→ TASK DIRECTIONS: Only the lines from the one containing "Some of the text" through the last line of the material should be returned, each exactly as it stands.

-- DATA follows --

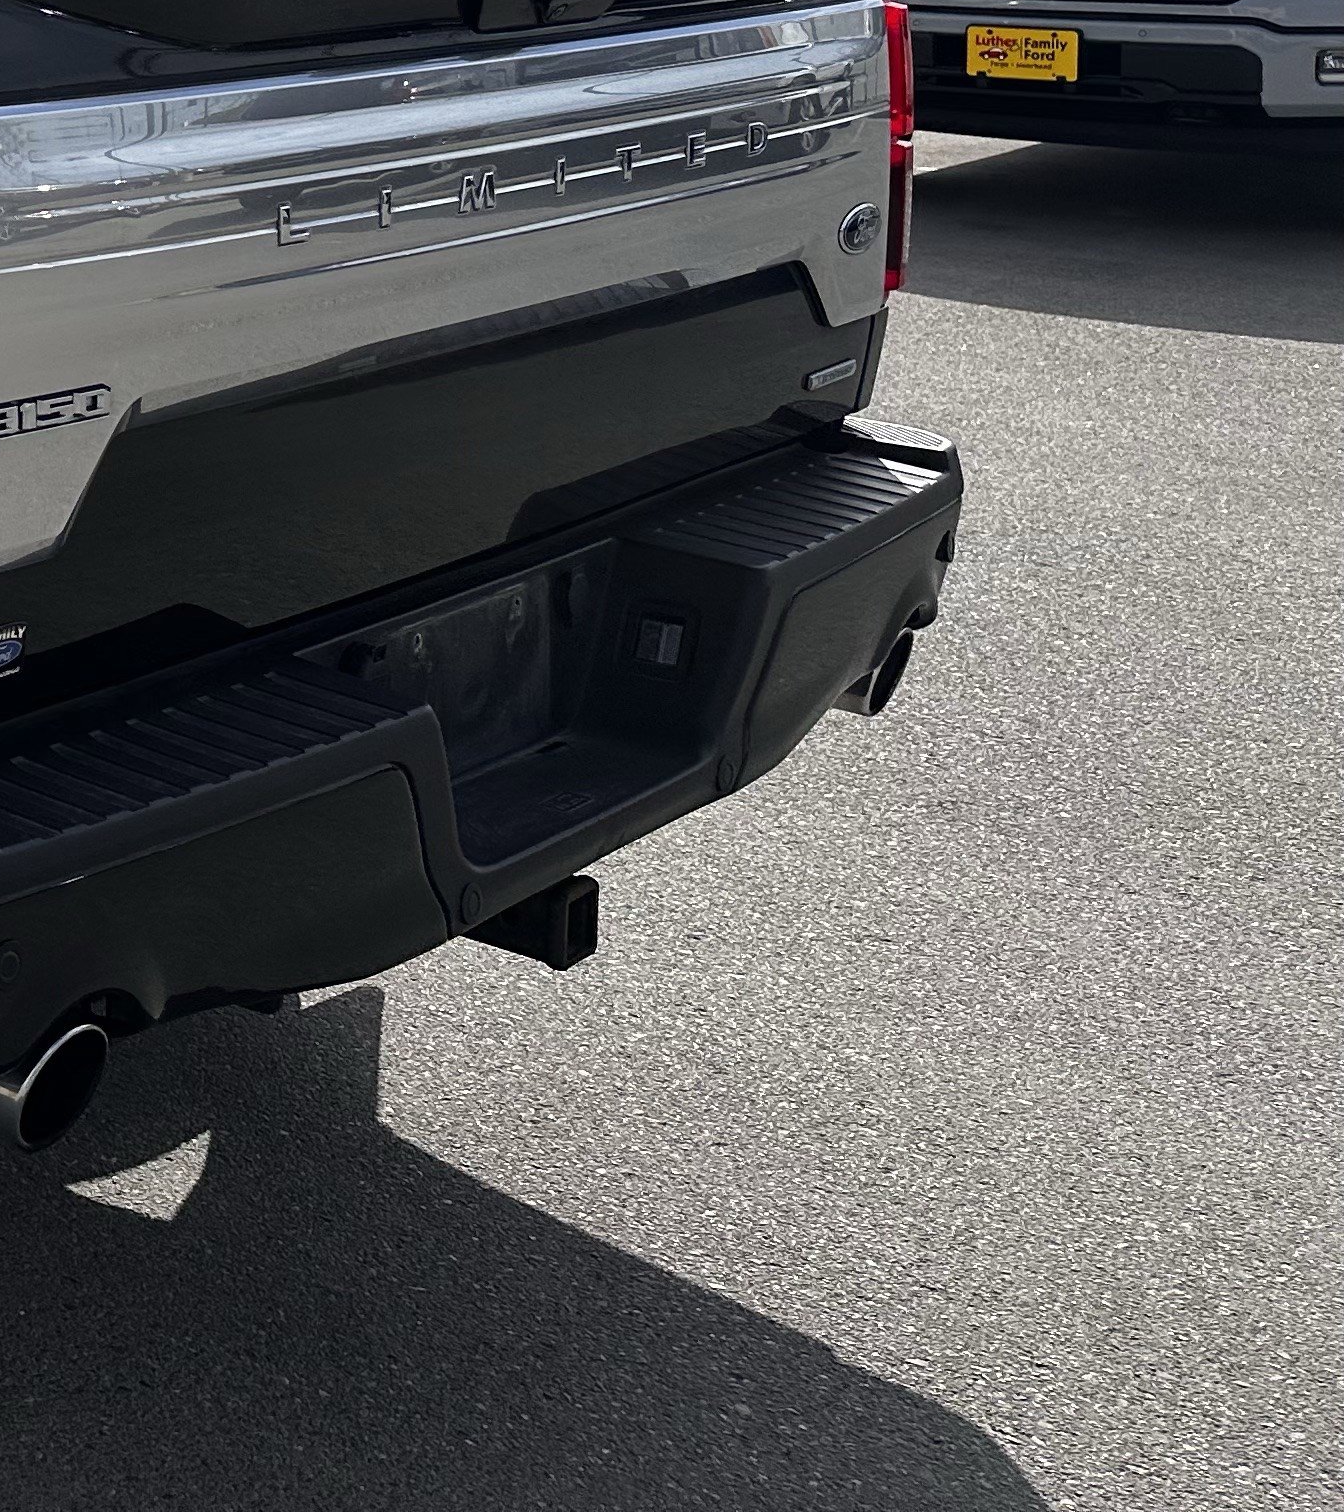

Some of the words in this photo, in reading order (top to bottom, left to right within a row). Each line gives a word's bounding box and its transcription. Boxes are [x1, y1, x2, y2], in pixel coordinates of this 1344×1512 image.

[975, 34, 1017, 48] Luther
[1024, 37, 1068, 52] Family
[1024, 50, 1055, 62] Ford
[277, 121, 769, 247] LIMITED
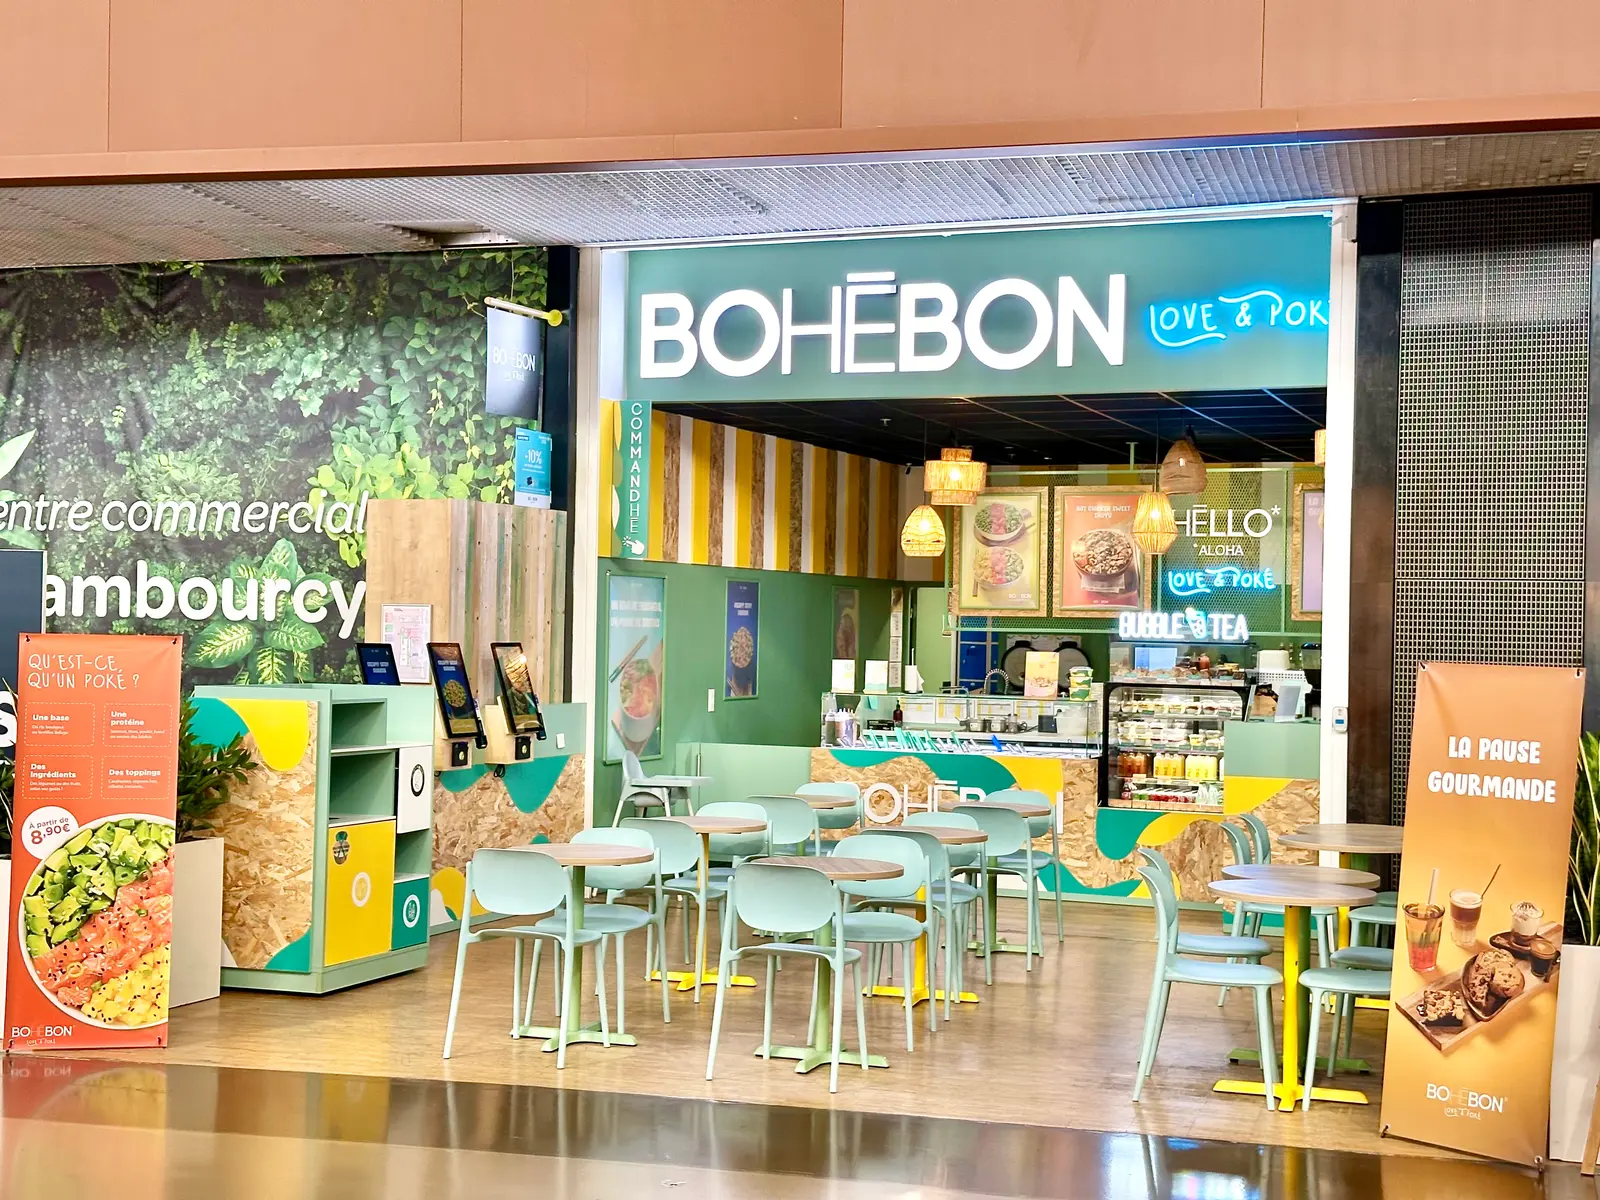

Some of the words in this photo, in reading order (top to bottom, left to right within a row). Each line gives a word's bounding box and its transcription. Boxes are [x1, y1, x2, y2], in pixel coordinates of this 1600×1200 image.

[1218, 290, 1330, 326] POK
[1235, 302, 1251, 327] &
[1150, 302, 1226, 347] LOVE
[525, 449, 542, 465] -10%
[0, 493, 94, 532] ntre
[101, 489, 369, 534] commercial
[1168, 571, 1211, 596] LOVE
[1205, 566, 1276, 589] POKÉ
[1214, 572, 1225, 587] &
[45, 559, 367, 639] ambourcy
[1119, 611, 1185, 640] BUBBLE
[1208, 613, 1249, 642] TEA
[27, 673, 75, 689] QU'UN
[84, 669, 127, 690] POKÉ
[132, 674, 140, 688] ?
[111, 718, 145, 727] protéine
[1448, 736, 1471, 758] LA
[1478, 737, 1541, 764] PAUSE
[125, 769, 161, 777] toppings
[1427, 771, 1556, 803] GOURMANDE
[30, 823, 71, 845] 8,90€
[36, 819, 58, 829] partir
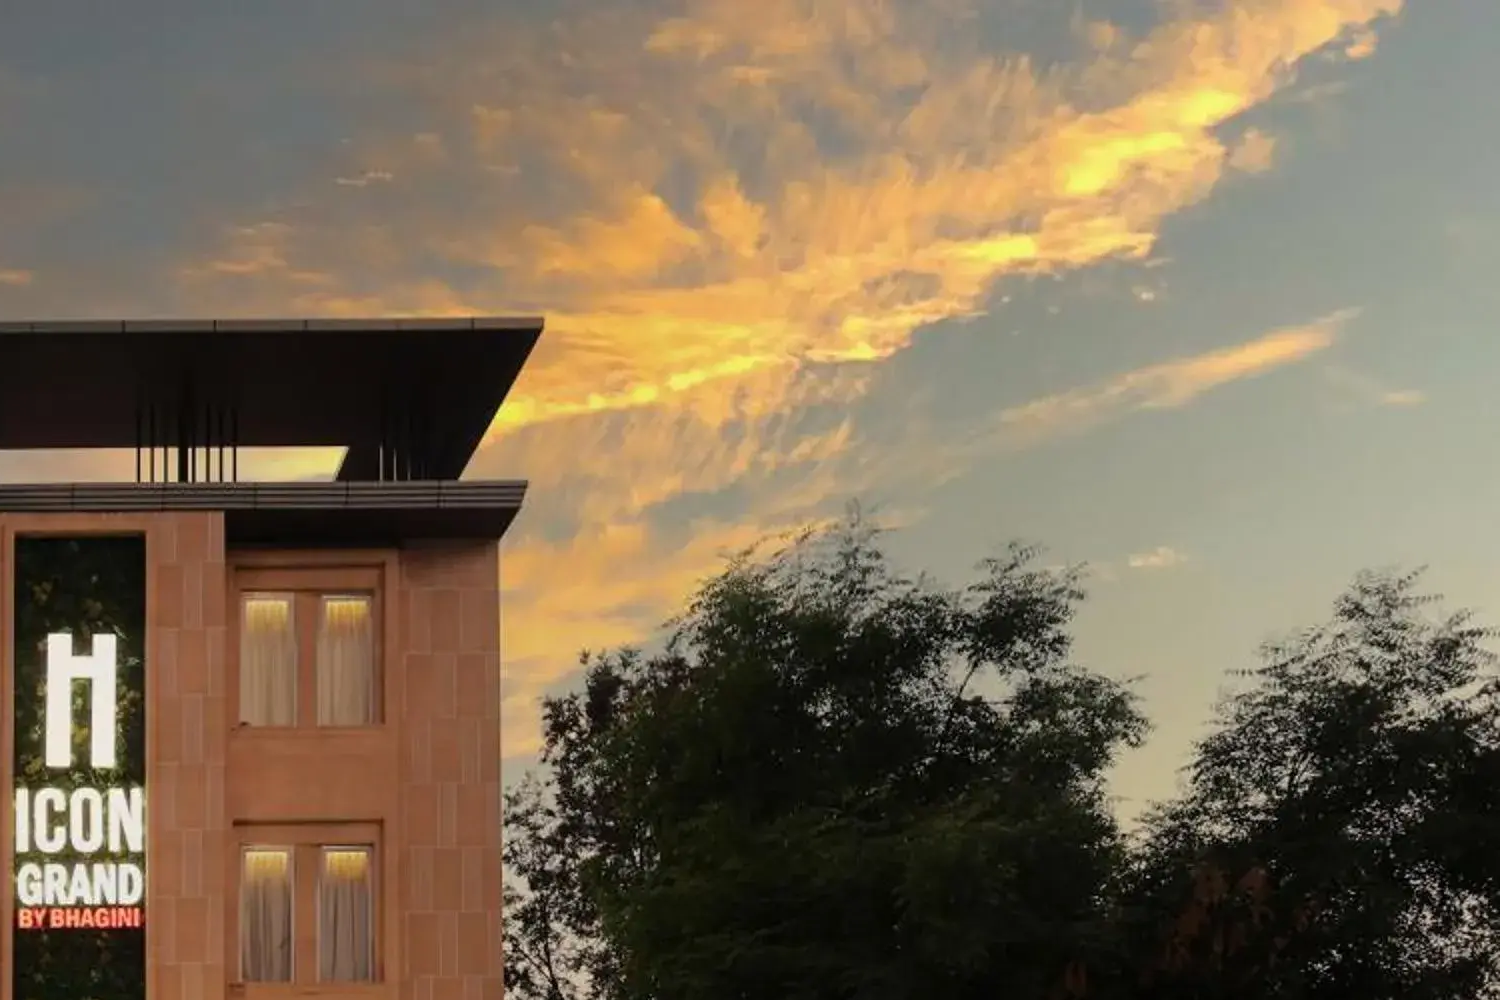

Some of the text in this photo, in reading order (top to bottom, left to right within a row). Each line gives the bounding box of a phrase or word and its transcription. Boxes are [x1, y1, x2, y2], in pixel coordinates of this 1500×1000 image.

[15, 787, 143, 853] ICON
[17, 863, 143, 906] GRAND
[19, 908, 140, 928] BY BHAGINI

-- DATA concluded --

→ TASK RESULT:
Some of the text in this photo, in reading order (top to bottom, left to right within a row). Each line gives the bounding box of a phrase or word and its transcription. Boxes are [x1, y1, x2, y2], in pixel coordinates of this 1500×1000 image.

[15, 787, 143, 853] ICON
[17, 863, 143, 906] GRAND
[19, 908, 140, 928] BY BHAGINI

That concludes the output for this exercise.